(Items from a dataset)
* * *
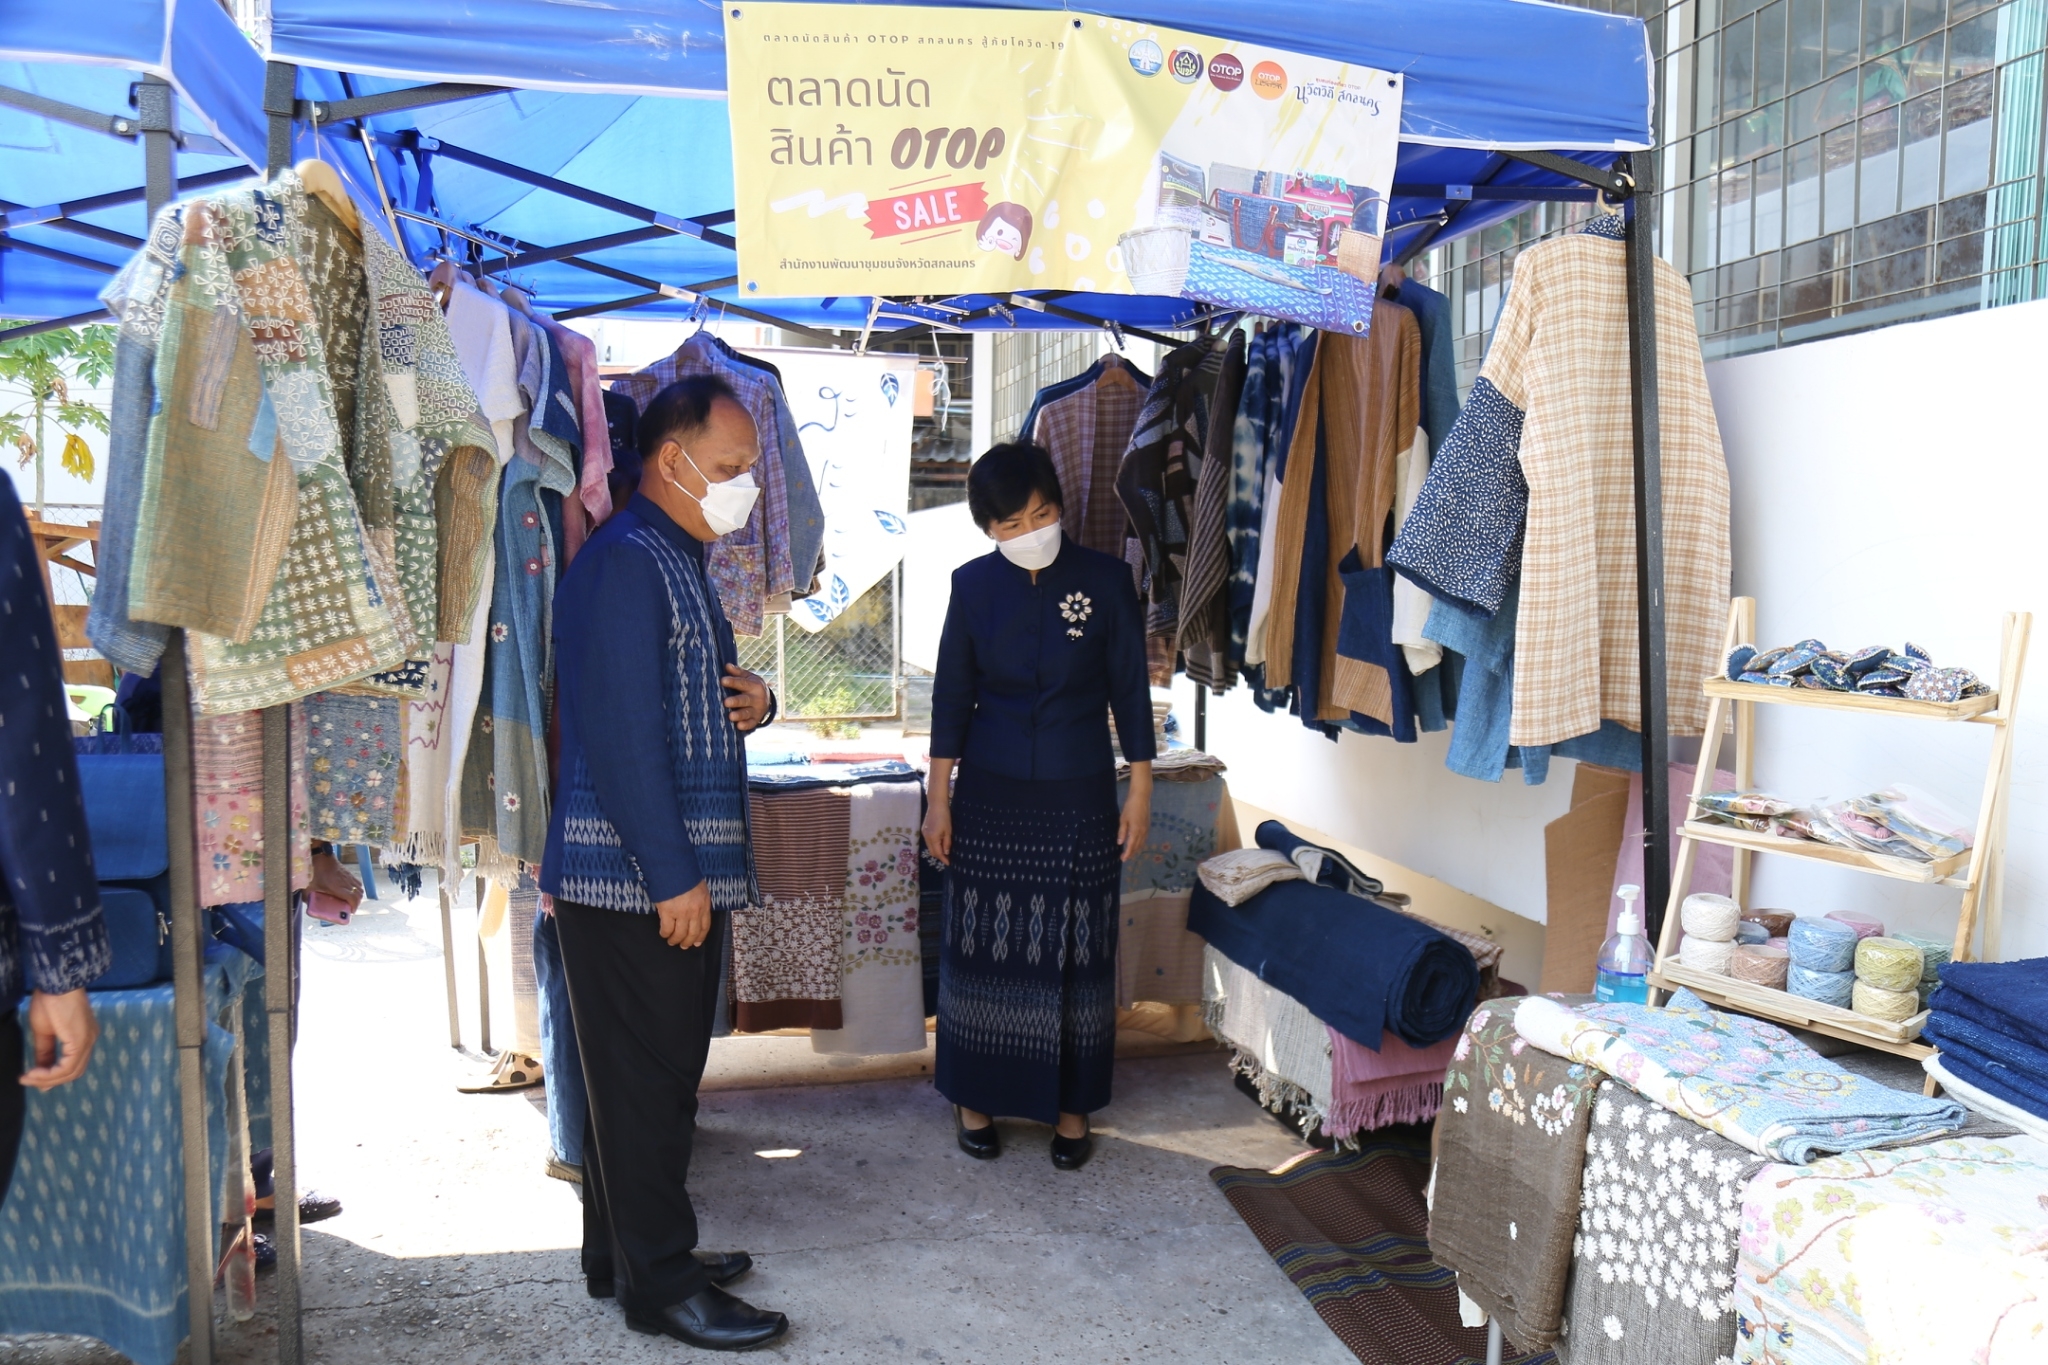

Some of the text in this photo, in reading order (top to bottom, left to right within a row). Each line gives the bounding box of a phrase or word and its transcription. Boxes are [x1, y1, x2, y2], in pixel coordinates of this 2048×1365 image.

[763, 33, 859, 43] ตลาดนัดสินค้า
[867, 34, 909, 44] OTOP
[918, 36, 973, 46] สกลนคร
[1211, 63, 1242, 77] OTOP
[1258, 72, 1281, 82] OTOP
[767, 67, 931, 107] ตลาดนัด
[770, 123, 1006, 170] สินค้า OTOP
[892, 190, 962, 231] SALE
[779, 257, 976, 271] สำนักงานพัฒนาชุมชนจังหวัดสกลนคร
* * *
REQUIRED WORK — Transcribe all of the records exactly, without reproducing their pictures.

RESPONSE BOX —
Some of the text in this photo, in reading order (top to bottom, left to right within a row). Each line gives the bounding box of a phrase or word and its transcription. Boxes are [x1, y1, x2, y2], in pixel coordinates of this 2048×1365 image.

[763, 33, 859, 43] ตลาดนัดสินค้า
[867, 34, 909, 44] OTOP
[918, 36, 973, 46] สกลนคร
[1211, 63, 1242, 77] OTOP
[1258, 72, 1281, 82] OTOP
[767, 67, 931, 107] ตลาดนัด
[770, 123, 1006, 170] สินค้า OTOP
[892, 190, 962, 231] SALE
[779, 257, 976, 271] สำนักงานพัฒนาชุมชนจังหวัดสกลนคร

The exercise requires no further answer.